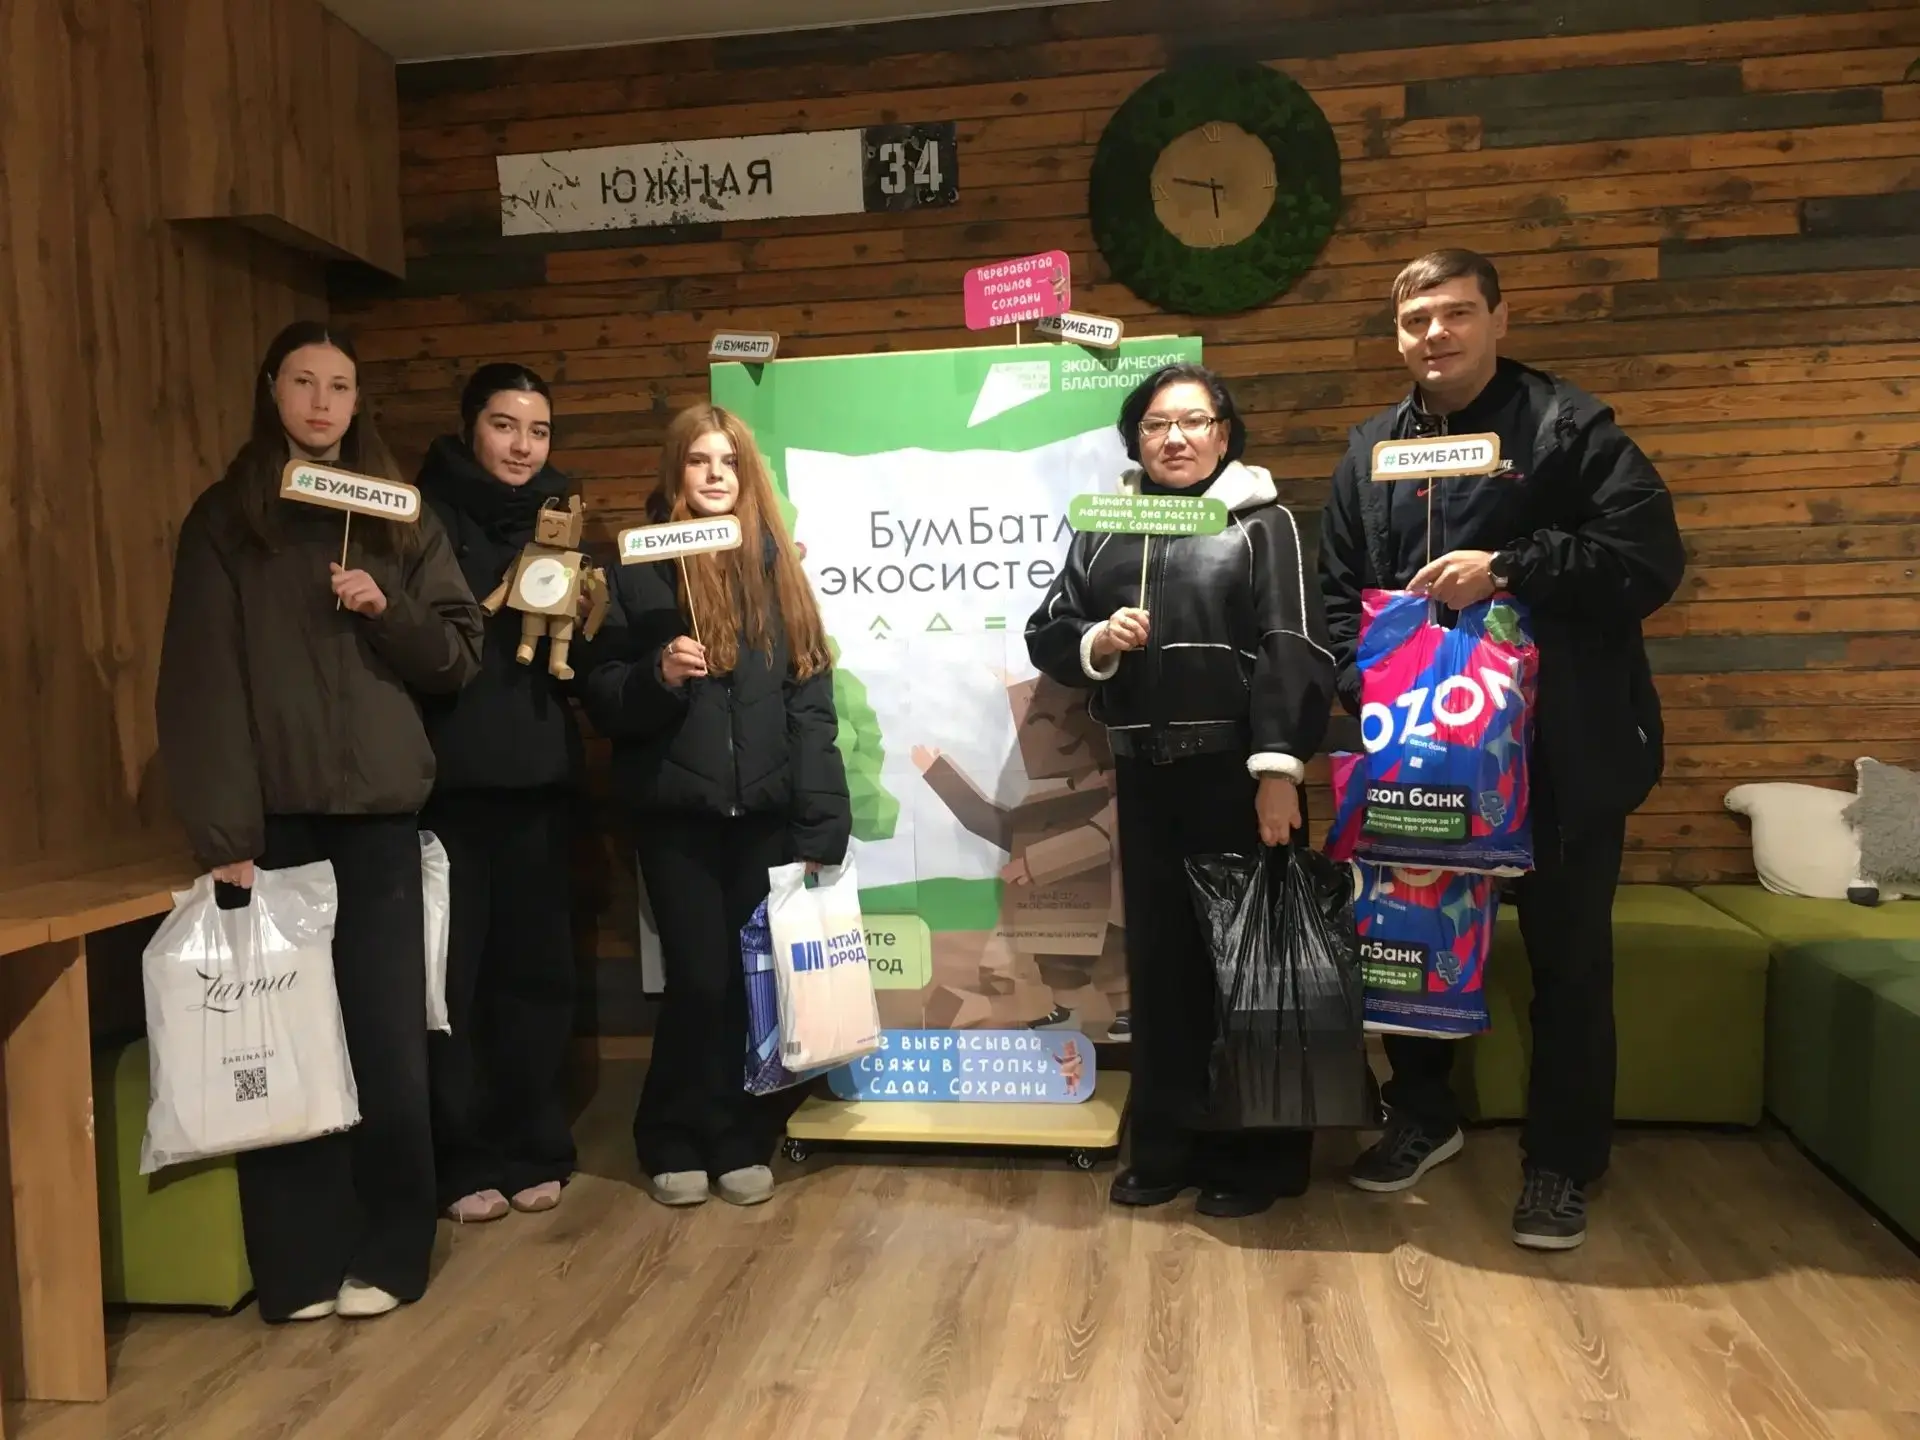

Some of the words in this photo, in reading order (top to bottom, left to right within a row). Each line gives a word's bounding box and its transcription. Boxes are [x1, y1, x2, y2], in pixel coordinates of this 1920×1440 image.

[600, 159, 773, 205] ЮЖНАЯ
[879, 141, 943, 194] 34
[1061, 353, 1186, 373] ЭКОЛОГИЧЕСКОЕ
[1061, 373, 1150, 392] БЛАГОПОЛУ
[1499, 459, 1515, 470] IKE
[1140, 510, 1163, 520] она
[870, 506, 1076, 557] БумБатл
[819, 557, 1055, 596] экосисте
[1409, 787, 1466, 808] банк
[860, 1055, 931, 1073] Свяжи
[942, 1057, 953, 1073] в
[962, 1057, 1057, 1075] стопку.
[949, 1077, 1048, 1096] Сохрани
--
__What you will do__. With the images excluded, all entries are to be given again exactly.

__Solution to this task__.
Some of the words in this photo, in reading order (top to bottom, left to right within a row). Each line gives a word's bounding box and its transcription. Boxes are [x1, y1, x2, y2], in pixel coordinates of this 1920×1440 image.

[600, 159, 773, 205] ЮЖНАЯ
[879, 141, 943, 194] 34
[1061, 353, 1186, 373] ЭКОЛОГИЧЕСКОЕ
[1061, 373, 1150, 392] БЛАГОПОЛУ
[1499, 459, 1515, 470] IKE
[1140, 510, 1163, 520] она
[870, 506, 1076, 557] БумБатл
[819, 557, 1055, 596] экосисте
[1409, 787, 1466, 808] банк
[860, 1055, 931, 1073] Свяжи
[942, 1057, 953, 1073] в
[962, 1057, 1057, 1075] стопку.
[949, 1077, 1048, 1096] Сохрани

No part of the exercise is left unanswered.